Ce n’est pas ce qui manque, les usines, à Charleroi. Certaines sont encore en activité, comme celle dont l’image ci-dessous est un détail du type orteil de l’odalisque. La lumière ne permettait pas de prendre le site en photo sous tous les angles que j’aurais souhaités – je reviendrai un jour de grisaille ou de pluie.

Celle-ci, en revanche, a visiblement cessé de tourner depuis quelque temps, à en juger par son délabrement…

… et par la santé de la végétation qui l’assaille.

Le site est sous surveillance, cela explique sans doute qu’il ne soit pas couvert de tags – nous n’en avons vu aucun ; ni aucun gardien ni aucun chien, et c’était préférable car l’on ne miserait pas sur la solidité des bâtiments ni de ses passerelles pour engager une course-poursuite.

Dessous, c’est de la dentelle qu’inonde la lumière du soir.

Dedans, des cuves et des cadrans incompréhensibles.

Autour, c’est particulièrement post-apocalyptique : un no-man’s land de ferraille et, tout au fond, un terril en feu.

Si, je vous assure, il est en feu – vous le voyez mieux ici, derrière ce château d’eau qui semble pointer des canons vers l’entrée de l’usine ?

Le château d’eau en question, quoique menaçant, fait figure de nabot auprès de l’immense cheminée en béton qui déjoue toute perspective dans mon objectif.

Mal assis, là

Mal assis à Charleroi.

Mal assis à Montignies-sur-Sambre.

Un peu de géométrie

Clinique en démolition, centre de Charleroi.

Hôtel de police.

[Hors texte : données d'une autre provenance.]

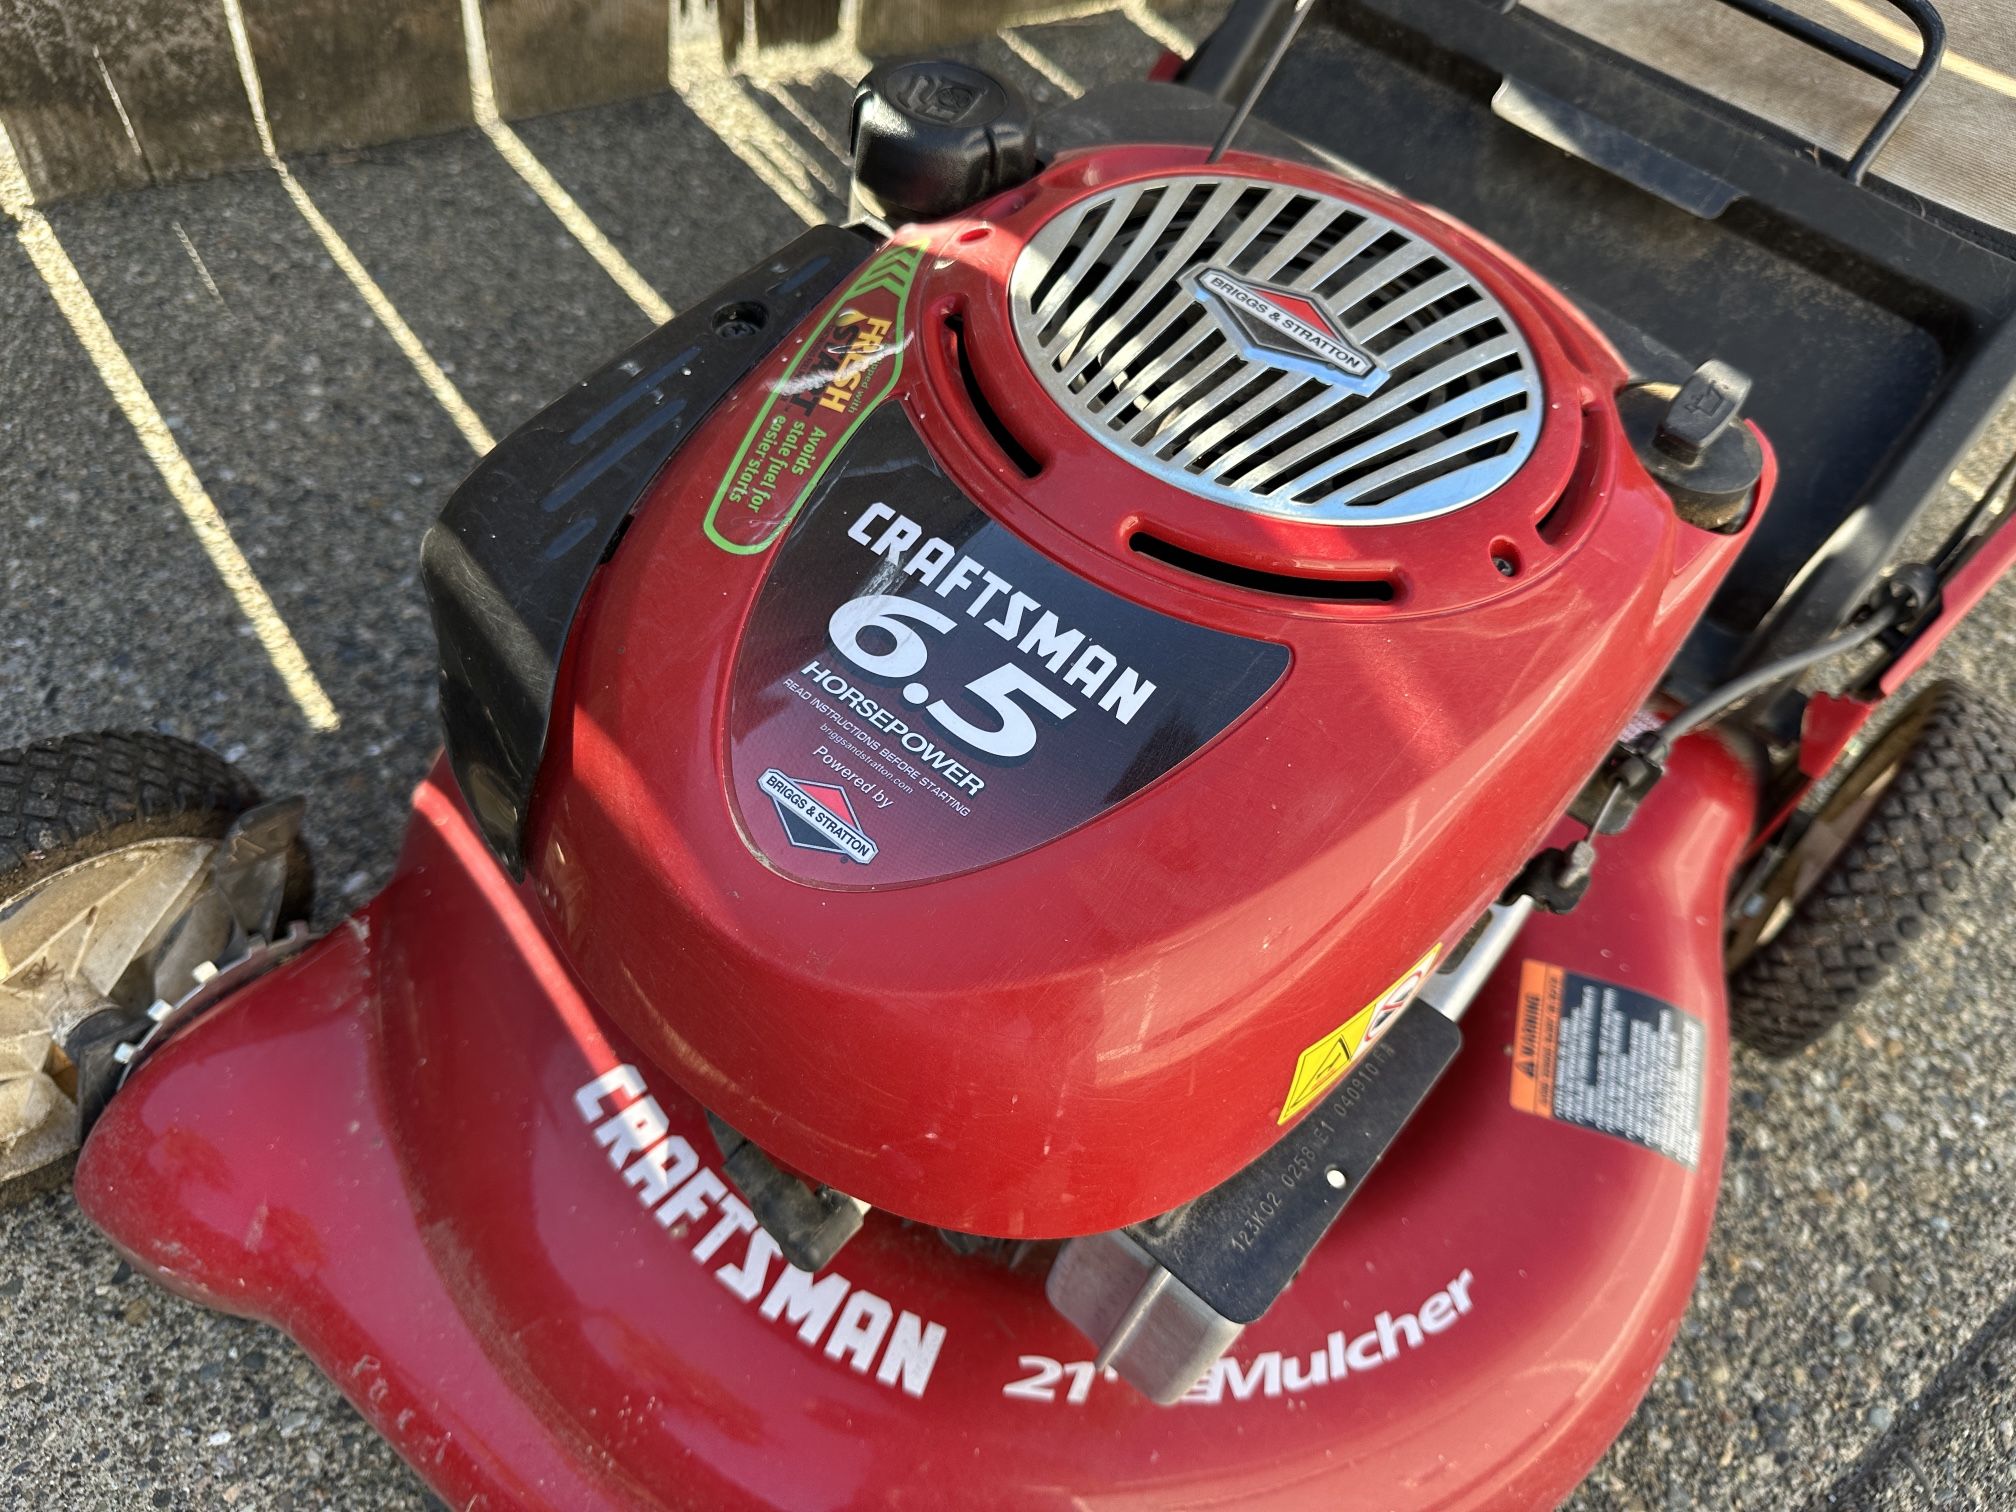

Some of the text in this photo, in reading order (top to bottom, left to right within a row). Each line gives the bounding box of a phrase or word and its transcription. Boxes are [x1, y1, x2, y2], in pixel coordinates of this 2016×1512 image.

[1211, 277, 1361, 368] BRIGGS & STRATTON
[790, 326, 859, 417] STAT
[848, 391, 865, 413] with
[729, 415, 786, 503] easier starts
[748, 421, 805, 513] stale fuel for
[791, 426, 827, 475] Avoids
[847, 502, 1157, 725] CRAFTSMAN
[828, 594, 1077, 757] 6.5
[783, 678, 971, 817] READ INSTRUCTIONS BEFORE STARTING
[801, 661, 985, 797] HORSEPOWER
[820, 723, 914, 794] briggsandstratton.com
[766, 775, 870, 857] BRIGGS & STRATTON
[812, 745, 894, 809] Powered by
[573, 1063, 947, 1399] CRAFTSMAN

Il a vraiment cette forme (ce n’est pas une illusion de perspective), droite d’un côté, pseudo conique de l’autre.

Un morceau de l’usine en activité que j’évoquais ici.

Encore une vue d’une station de métro désaffectée.

Ce que nous supposons être le terminus de ladite ligne de métro, à Montignies-sur-Sambre, sans avoir pu le vérifier.



Upper rooms, kitchens et buanderie

(Église Saint-Christophe.)

Dans une impasse de Montignies-sur-Sambre (du moins est-ce une impasse pour les voitures – le piéton aura de belles surprises dans les méandres de petits chemins comme je les aime), l’on tombe en pâmoison devant cette chapelle que côtoie un étendoir à linge en plastique.

L’on s’approche de la fenêtre et l’on découvre, à l’intérieur de la chapelle, un autre étendoir à linge, d’un autre modèle que celui de l’extérieur. Ici, La Sainte Vierge, son fils et tous leurs amis saints, danseurs et autres porte-flambeau nus mettent vraiment la main à la pâte dans la vie quotidienne de leurs fidèles.

Entre les deux villes, et entre deux tags très menaçants (car cela se passe dans une station de métro désaffectée), un montage biblique.

Si vous allez à Montignies-sur-Sambre, je vous conseille de déjeuner dans l’un des fast-foods du mini centre commercial, rue du Calvaire (près de l’hôpital Reine Fabiola). Installez-vous en terrasse et humez la langueur de l’après-midi naissant. L’atmosphère, le vide, la lenteur, tout cela m’a rappelé les États-Unis (le pays cajun, pour être exacte), comme beaucoup de choses en Belgique le font (à commencer par l’émission de blues que l’on peut écouter en filant vers la nuit sur l’autoroute déserte). Les clients du centre commercial marchent d’un pas traînant, le patron de Oh ! (le fast-food que nous avons choisi) débarrasse une tasse à la fois, celui du bar-tabac d’en face somnole sur une chaise en plastique et, tout au bout de la rue du Calvaire, la Vierge Marie s’adosse au mur après avoir fini sa canette.